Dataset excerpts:
-.-.-

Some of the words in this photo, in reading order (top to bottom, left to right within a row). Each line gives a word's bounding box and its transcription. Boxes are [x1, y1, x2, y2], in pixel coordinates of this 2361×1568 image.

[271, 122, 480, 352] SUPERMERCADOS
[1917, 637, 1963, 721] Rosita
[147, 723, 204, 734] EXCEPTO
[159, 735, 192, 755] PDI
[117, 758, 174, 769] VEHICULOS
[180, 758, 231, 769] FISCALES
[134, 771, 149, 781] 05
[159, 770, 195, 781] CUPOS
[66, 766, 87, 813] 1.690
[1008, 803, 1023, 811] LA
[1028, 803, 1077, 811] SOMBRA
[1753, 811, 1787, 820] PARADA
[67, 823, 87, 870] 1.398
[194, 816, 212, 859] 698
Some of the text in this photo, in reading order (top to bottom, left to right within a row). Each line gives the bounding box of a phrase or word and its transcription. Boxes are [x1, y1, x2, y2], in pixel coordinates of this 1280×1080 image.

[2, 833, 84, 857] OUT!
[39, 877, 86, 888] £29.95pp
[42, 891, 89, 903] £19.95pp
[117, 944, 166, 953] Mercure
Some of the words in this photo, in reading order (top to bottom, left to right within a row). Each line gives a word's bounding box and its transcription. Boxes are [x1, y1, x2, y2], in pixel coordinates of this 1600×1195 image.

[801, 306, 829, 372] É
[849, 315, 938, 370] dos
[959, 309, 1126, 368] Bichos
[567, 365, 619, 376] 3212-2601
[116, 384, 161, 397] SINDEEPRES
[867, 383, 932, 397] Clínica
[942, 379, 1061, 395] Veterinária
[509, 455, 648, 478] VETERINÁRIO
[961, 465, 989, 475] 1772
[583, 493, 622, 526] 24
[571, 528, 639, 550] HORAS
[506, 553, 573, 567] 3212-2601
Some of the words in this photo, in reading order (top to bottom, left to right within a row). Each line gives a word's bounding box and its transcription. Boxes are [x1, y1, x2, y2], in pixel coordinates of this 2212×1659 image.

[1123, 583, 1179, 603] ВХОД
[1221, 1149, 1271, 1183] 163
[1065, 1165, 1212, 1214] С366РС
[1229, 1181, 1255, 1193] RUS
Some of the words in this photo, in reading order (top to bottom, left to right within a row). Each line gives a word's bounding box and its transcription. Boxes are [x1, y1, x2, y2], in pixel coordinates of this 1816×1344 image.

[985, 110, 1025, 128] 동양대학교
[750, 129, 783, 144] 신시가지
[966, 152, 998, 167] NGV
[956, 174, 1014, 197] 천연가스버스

-.-.-

PROBLEM REQUIREMENTS: Output exactly the lines from the one containing "this 1816×1344 image." through the last line of the records, both included. Output nothing else.

WORKED SOLUTION:
Some of the words in this photo, in reading order (top to bottom, left to right within a row). Each line gives a word's bounding box and its transcription. Boxes are [x1, y1, x2, y2], in pixel coordinates of this 1816×1344 image.

[985, 110, 1025, 128] 동양대학교
[750, 129, 783, 144] 신시가지
[966, 152, 998, 167] NGV
[956, 174, 1014, 197] 천연가스버스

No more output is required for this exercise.